- **Required work**
Show every line in the entries below where the word "Tilapia" appears.

Image-backed grounding data:
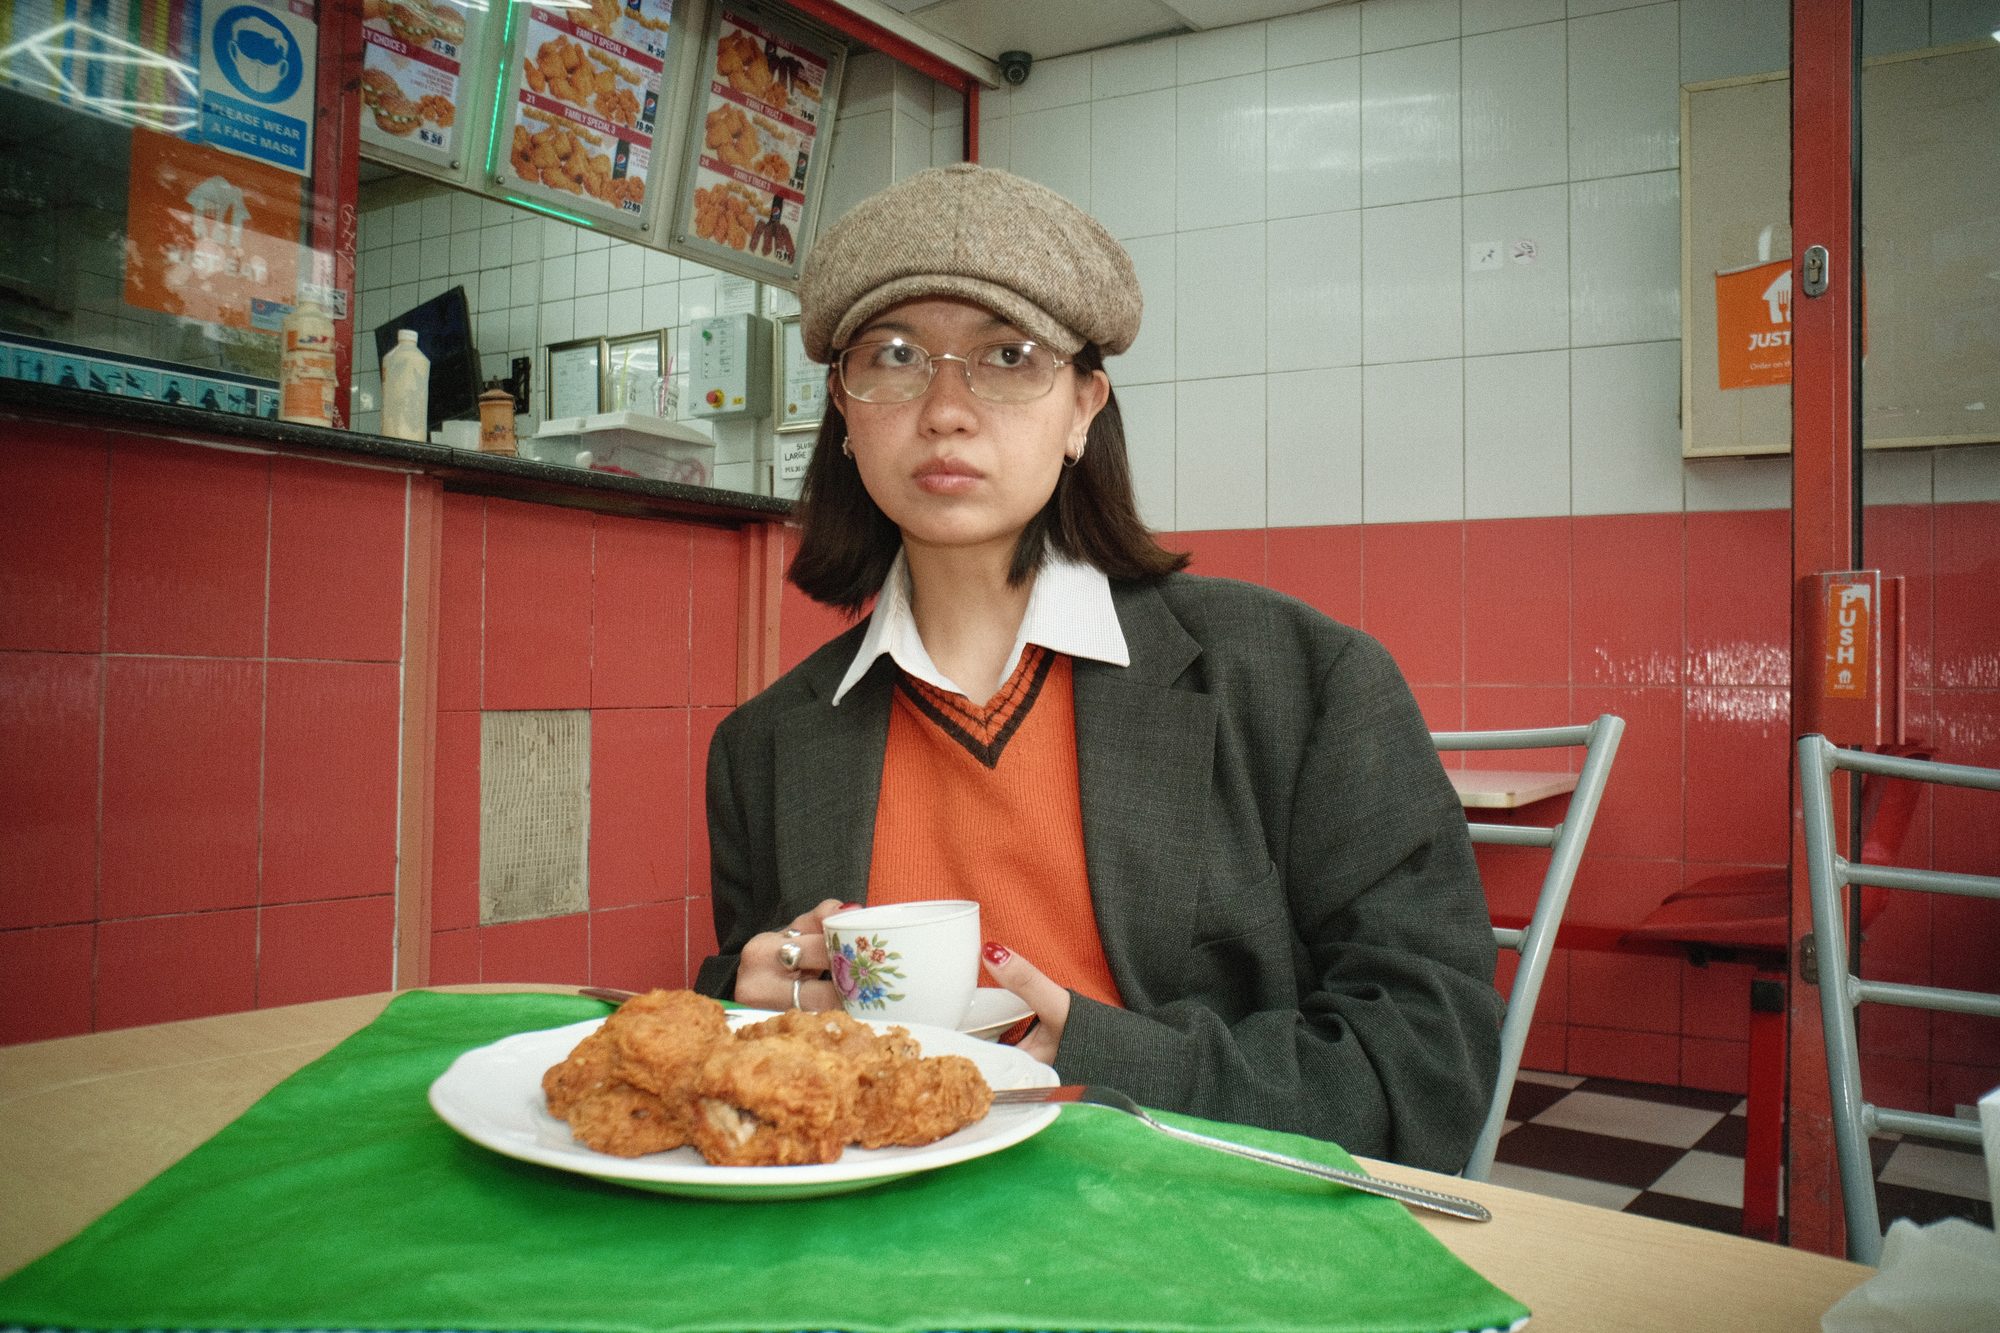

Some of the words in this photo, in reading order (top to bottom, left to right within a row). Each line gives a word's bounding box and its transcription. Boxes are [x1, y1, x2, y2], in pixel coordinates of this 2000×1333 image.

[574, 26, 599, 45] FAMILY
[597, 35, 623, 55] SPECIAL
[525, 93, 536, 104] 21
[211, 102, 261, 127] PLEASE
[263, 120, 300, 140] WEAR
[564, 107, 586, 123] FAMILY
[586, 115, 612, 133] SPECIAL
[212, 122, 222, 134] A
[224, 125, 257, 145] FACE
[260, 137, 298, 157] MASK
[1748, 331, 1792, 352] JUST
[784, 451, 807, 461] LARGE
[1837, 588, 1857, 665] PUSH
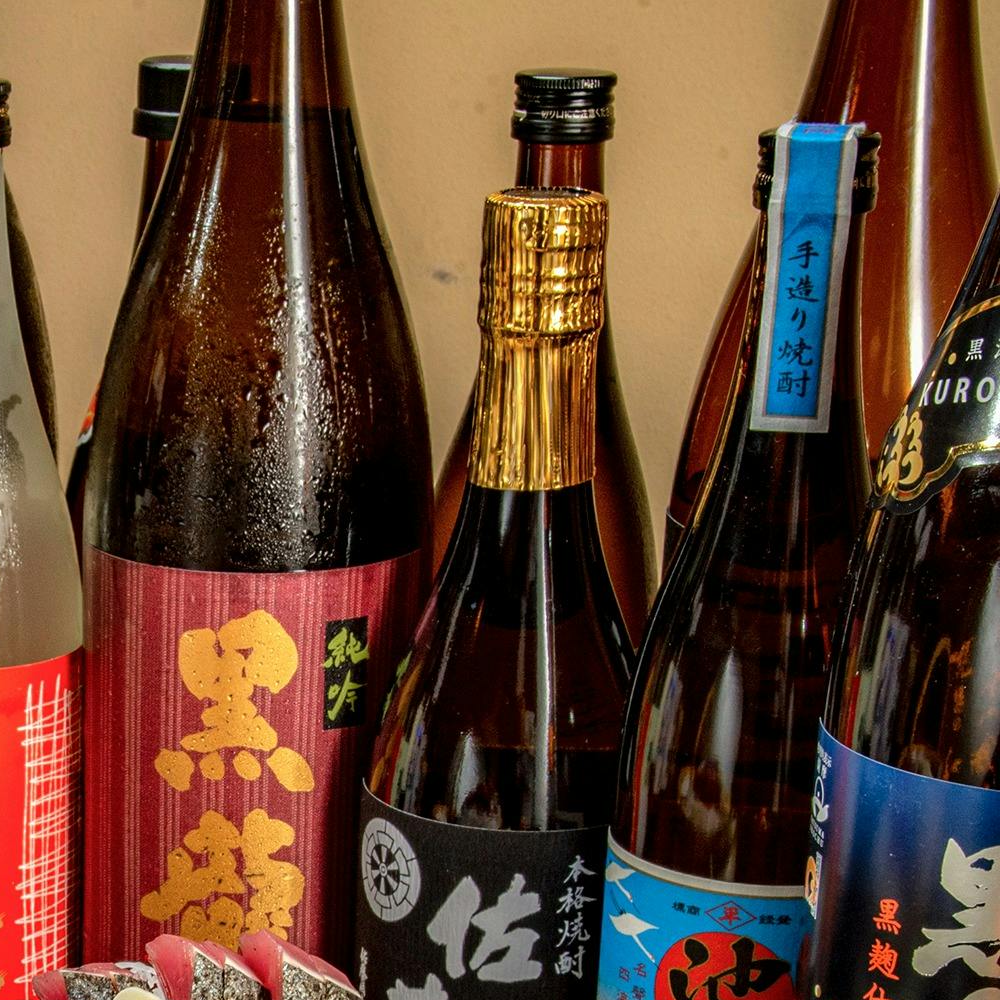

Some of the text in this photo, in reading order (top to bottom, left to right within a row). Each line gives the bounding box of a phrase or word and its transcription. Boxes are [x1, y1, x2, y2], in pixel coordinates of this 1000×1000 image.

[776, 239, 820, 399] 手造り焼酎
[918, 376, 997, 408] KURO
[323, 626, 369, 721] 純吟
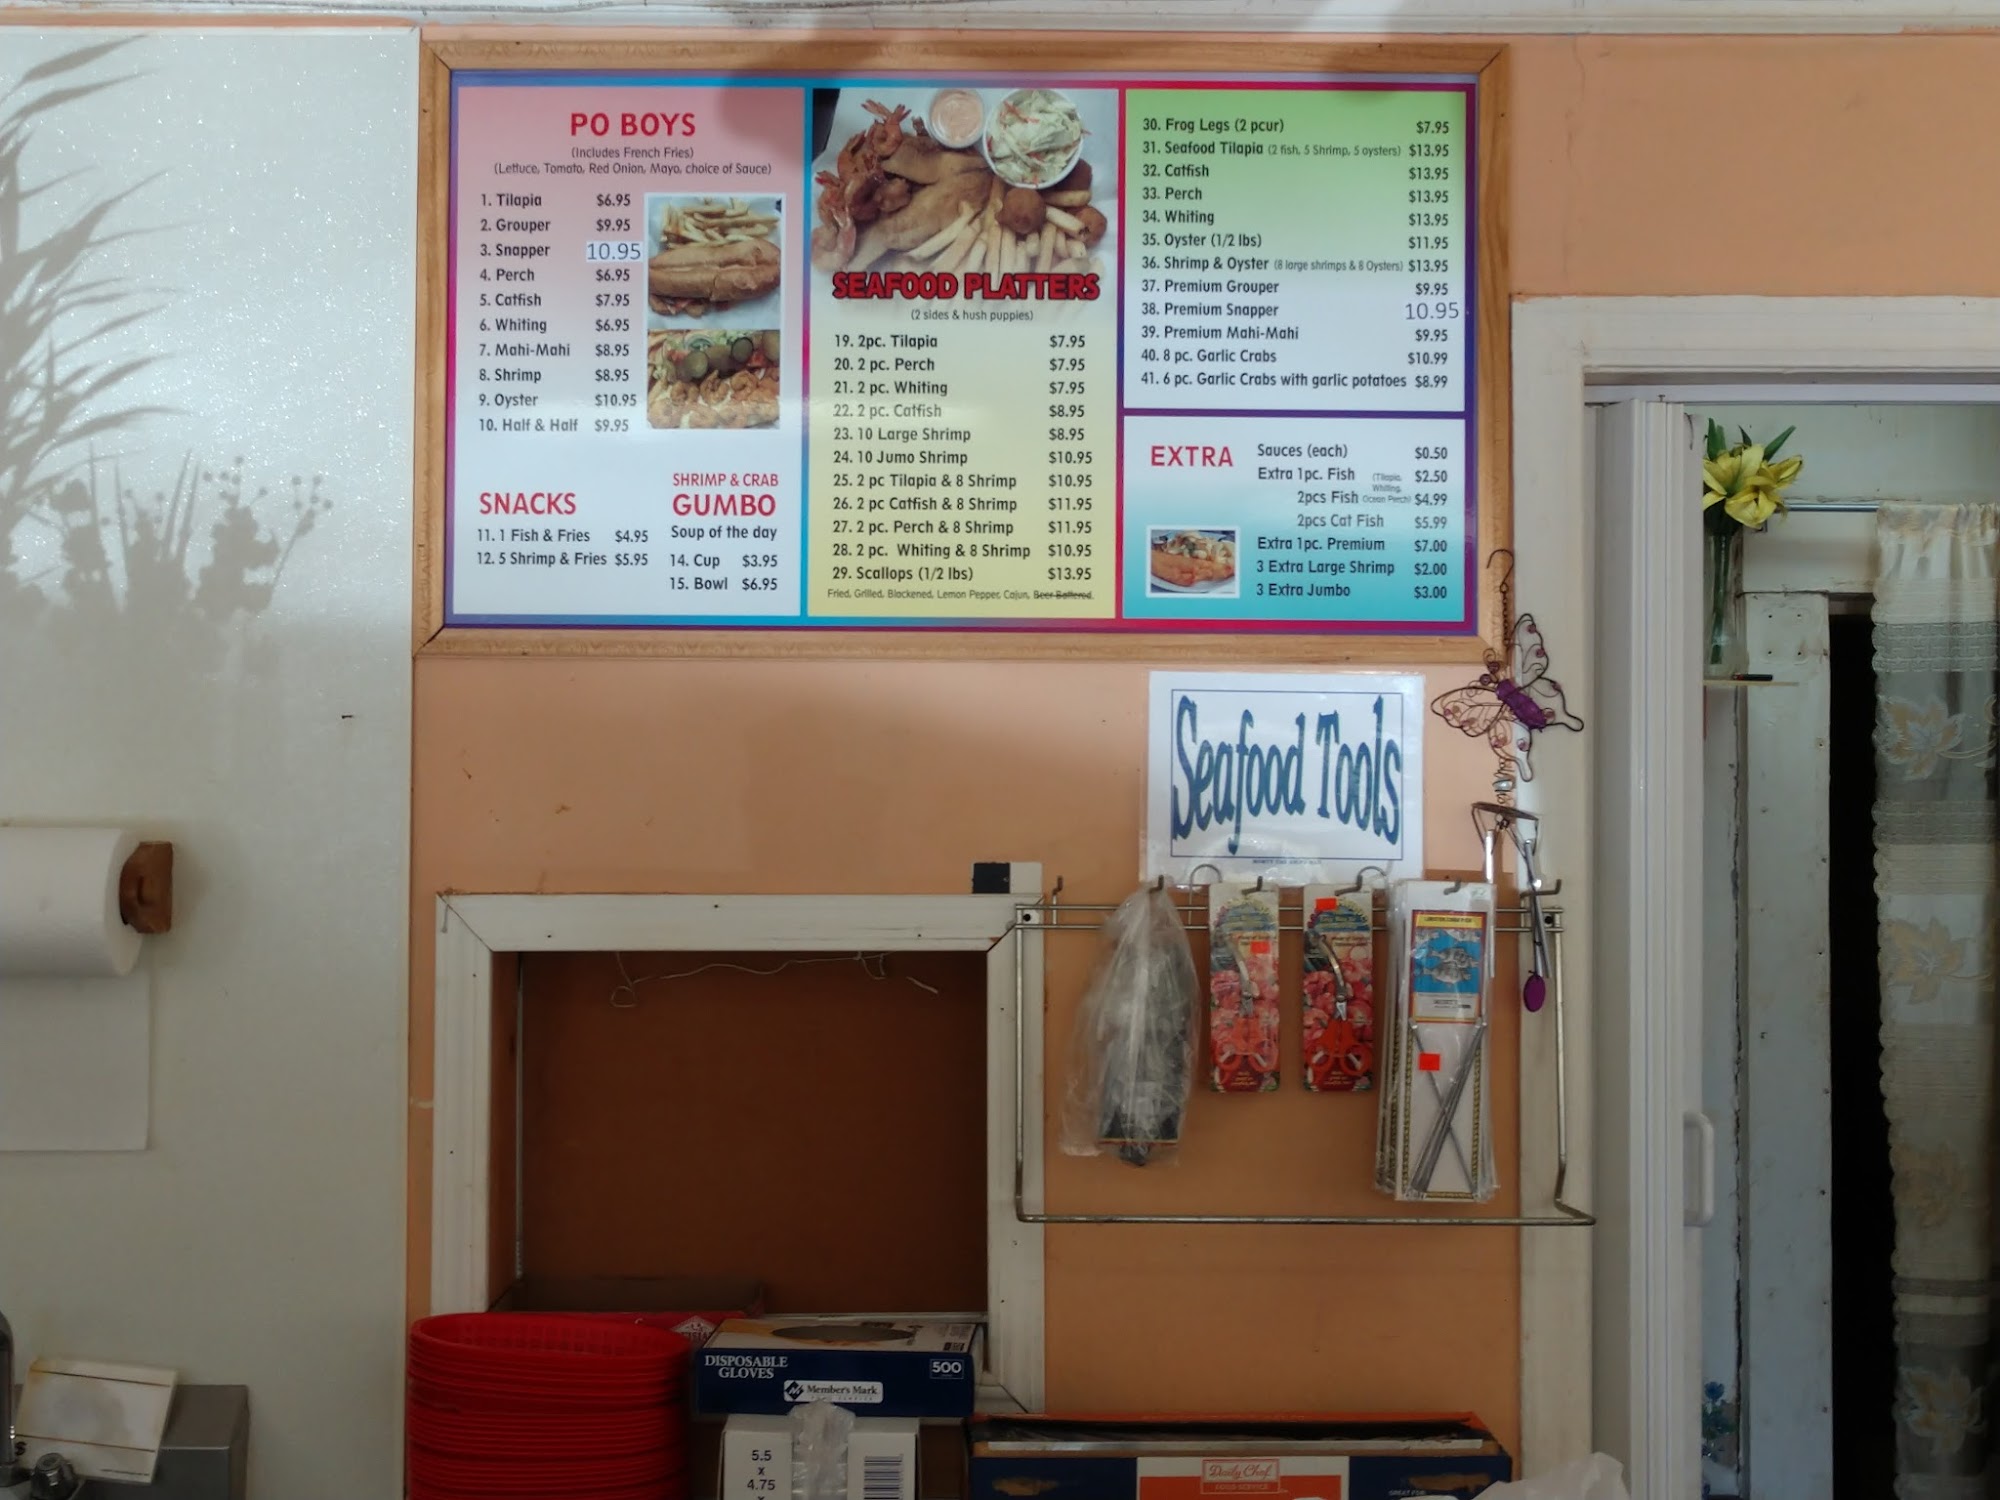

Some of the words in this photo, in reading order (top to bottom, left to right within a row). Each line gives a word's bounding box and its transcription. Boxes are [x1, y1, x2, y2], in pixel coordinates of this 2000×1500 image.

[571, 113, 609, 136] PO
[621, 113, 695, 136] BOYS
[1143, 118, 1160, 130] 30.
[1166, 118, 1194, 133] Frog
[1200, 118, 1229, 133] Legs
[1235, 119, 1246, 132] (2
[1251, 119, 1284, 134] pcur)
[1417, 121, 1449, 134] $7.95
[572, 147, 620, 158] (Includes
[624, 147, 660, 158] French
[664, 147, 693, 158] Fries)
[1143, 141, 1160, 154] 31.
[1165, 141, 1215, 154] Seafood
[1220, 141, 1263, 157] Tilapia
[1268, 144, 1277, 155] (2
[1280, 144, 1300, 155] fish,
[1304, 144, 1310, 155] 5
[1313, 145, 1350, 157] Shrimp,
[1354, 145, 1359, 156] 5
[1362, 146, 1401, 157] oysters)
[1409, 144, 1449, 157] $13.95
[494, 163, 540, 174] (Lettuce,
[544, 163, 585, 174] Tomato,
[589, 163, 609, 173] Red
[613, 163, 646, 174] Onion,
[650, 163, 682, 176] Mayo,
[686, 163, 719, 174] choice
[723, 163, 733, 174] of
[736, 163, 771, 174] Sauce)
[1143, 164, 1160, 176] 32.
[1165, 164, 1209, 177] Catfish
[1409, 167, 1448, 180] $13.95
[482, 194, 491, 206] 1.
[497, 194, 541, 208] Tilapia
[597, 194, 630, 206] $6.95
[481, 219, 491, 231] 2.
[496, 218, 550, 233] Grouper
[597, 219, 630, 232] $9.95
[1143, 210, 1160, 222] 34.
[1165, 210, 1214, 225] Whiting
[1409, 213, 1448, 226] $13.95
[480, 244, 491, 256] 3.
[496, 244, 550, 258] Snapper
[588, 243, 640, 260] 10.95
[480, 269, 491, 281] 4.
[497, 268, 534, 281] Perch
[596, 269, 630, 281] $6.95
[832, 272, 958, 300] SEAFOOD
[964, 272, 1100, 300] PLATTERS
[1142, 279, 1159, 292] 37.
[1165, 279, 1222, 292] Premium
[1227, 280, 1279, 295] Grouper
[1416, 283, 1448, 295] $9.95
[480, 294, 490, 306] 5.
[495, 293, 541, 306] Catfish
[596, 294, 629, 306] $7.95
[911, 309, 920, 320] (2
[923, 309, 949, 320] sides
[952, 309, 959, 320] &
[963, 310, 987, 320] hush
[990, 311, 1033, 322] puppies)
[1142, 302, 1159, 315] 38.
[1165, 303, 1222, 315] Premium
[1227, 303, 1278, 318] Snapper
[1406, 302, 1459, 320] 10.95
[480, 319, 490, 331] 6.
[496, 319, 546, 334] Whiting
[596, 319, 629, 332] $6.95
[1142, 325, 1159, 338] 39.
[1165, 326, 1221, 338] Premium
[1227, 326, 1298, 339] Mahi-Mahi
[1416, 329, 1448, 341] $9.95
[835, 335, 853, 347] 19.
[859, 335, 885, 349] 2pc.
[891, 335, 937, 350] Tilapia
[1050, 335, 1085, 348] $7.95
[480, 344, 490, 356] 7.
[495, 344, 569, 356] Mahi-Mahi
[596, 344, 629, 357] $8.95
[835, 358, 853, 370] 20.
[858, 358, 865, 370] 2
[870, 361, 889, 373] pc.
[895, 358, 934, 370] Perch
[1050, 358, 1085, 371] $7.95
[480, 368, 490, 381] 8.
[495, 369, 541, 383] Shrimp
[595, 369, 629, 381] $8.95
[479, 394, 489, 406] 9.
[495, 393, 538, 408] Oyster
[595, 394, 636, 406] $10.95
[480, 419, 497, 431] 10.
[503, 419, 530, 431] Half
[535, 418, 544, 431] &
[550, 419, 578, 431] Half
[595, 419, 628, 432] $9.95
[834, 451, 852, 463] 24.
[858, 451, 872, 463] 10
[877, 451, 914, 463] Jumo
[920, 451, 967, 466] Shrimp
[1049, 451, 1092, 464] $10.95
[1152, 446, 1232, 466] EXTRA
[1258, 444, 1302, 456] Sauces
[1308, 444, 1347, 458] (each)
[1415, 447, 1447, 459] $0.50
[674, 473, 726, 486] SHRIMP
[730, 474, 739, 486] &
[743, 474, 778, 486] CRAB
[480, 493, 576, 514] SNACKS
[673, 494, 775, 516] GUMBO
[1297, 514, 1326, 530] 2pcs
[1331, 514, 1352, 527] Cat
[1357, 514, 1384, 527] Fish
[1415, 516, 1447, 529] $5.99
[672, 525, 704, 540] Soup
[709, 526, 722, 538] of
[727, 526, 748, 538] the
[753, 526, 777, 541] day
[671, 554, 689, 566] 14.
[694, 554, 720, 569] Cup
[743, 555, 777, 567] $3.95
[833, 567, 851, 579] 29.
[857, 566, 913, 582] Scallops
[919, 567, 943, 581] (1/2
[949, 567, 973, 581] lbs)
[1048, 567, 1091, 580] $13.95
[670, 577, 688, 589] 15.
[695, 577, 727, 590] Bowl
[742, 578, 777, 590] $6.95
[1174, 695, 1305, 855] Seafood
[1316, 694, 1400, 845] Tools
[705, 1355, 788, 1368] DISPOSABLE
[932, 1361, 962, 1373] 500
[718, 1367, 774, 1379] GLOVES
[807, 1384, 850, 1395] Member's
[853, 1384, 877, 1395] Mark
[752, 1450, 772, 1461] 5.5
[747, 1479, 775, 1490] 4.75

- **Your response**
[1220, 141, 1263, 157] Tilapia
[497, 194, 541, 208] Tilapia
[891, 335, 937, 350] Tilapia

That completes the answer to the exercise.